Write out the whole listing again so that each line matches the original.

....

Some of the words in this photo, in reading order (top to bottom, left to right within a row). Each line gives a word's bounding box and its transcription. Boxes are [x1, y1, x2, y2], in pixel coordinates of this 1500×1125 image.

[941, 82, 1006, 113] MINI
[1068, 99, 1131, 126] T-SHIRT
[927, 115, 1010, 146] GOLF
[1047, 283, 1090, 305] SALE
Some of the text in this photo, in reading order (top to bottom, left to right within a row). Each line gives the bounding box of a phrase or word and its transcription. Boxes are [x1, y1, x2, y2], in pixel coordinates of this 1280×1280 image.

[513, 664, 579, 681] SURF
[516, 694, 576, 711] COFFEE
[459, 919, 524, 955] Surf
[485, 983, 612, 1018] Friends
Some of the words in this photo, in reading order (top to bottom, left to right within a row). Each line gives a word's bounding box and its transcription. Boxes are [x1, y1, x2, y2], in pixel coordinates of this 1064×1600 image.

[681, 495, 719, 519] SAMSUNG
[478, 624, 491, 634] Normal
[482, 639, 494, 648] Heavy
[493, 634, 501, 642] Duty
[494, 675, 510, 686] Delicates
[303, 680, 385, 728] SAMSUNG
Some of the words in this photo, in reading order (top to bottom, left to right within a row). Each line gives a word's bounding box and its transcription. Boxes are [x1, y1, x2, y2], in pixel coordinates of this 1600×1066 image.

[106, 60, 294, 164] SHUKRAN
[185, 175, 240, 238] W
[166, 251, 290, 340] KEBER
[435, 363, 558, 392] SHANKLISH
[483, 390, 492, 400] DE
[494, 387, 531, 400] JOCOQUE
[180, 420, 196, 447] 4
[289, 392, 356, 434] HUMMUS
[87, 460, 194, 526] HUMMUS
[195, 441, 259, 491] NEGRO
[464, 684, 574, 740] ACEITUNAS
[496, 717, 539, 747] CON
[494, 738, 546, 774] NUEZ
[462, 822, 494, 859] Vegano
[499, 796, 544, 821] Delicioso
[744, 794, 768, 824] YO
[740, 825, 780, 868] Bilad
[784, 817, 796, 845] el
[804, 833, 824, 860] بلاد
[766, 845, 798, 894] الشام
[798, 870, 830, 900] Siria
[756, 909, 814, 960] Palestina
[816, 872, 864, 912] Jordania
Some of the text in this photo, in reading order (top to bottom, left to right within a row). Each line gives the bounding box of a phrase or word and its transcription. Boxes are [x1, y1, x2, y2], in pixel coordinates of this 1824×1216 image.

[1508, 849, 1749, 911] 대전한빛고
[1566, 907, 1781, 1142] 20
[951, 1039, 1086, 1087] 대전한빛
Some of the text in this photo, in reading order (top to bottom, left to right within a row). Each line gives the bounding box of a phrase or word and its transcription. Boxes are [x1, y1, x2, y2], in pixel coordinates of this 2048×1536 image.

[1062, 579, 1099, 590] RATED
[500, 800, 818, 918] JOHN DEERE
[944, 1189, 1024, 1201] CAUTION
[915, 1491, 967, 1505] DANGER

....

REPLY>
Some of the words in this photo, in reading order (top to bottom, left to right within a row). Each line gives a word's bounding box and its transcription. Boxes are [x1, y1, x2, y2], in pixel coordinates of this 1500×1125 image.

[941, 82, 1006, 113] MINI
[1068, 99, 1131, 126] T-SHIRT
[927, 115, 1010, 146] GOLF
[1047, 283, 1090, 305] SALE
Some of the text in this photo, in reading order (top to bottom, left to right within a row). Each line gives the bounding box of a phrase or word and its transcription. Boxes are [x1, y1, x2, y2], in pixel coordinates of this 1280×1280 image.

[513, 664, 579, 681] SURF
[516, 694, 576, 711] COFFEE
[459, 919, 524, 955] Surf
[485, 983, 612, 1018] Friends
Some of the words in this photo, in reading order (top to bottom, left to right within a row). Each line gives a word's bounding box and its transcription. Boxes are [x1, y1, x2, y2], in pixel coordinates of this 1064×1600 image.

[681, 495, 719, 519] SAMSUNG
[478, 624, 491, 634] Normal
[482, 639, 494, 648] Heavy
[493, 634, 501, 642] Duty
[494, 675, 510, 686] Delicates
[303, 680, 385, 728] SAMSUNG
Some of the words in this photo, in reading order (top to bottom, left to right within a row). Each line gives a word's bounding box and its transcription. Boxes are [x1, y1, x2, y2], in pixel coordinates of this 1600×1066 image.

[106, 60, 294, 164] SHUKRAN
[185, 175, 240, 238] W
[166, 251, 290, 340] KEBER
[435, 363, 558, 392] SHANKLISH
[483, 390, 492, 400] DE
[494, 387, 531, 400] JOCOQUE
[180, 420, 196, 447] 4
[289, 392, 356, 434] HUMMUS
[87, 460, 194, 526] HUMMUS
[195, 441, 259, 491] NEGRO
[464, 684, 574, 740] ACEITUNAS
[496, 717, 539, 747] CON
[494, 738, 546, 774] NUEZ
[462, 822, 494, 859] Vegano
[499, 796, 544, 821] Delicioso
[744, 794, 768, 824] YO
[740, 825, 780, 868] Bilad
[784, 817, 796, 845] el
[804, 833, 824, 860] بلاد
[766, 845, 798, 894] الشام
[798, 870, 830, 900] Siria
[756, 909, 814, 960] Palestina
[816, 872, 864, 912] Jordania
Some of the text in this photo, in reading order (top to bottom, left to right within a row). Each line gives the bounding box of a phrase or word and its transcription. Boxes are [x1, y1, x2, y2], in pixel coordinates of this 1824×1216 image.

[1508, 849, 1749, 911] 대전한빛고
[1566, 907, 1781, 1142] 20
[951, 1039, 1086, 1087] 대전한빛
Some of the text in this photo, in reading order (top to bottom, left to right within a row). Each line gives the bounding box of a phrase or word and its transcription. Boxes are [x1, y1, x2, y2], in pixel coordinates of this 2048×1536 image.

[1062, 579, 1099, 590] RATED
[500, 800, 818, 918] JOHN DEERE
[944, 1189, 1024, 1201] CAUTION
[915, 1491, 967, 1505] DANGER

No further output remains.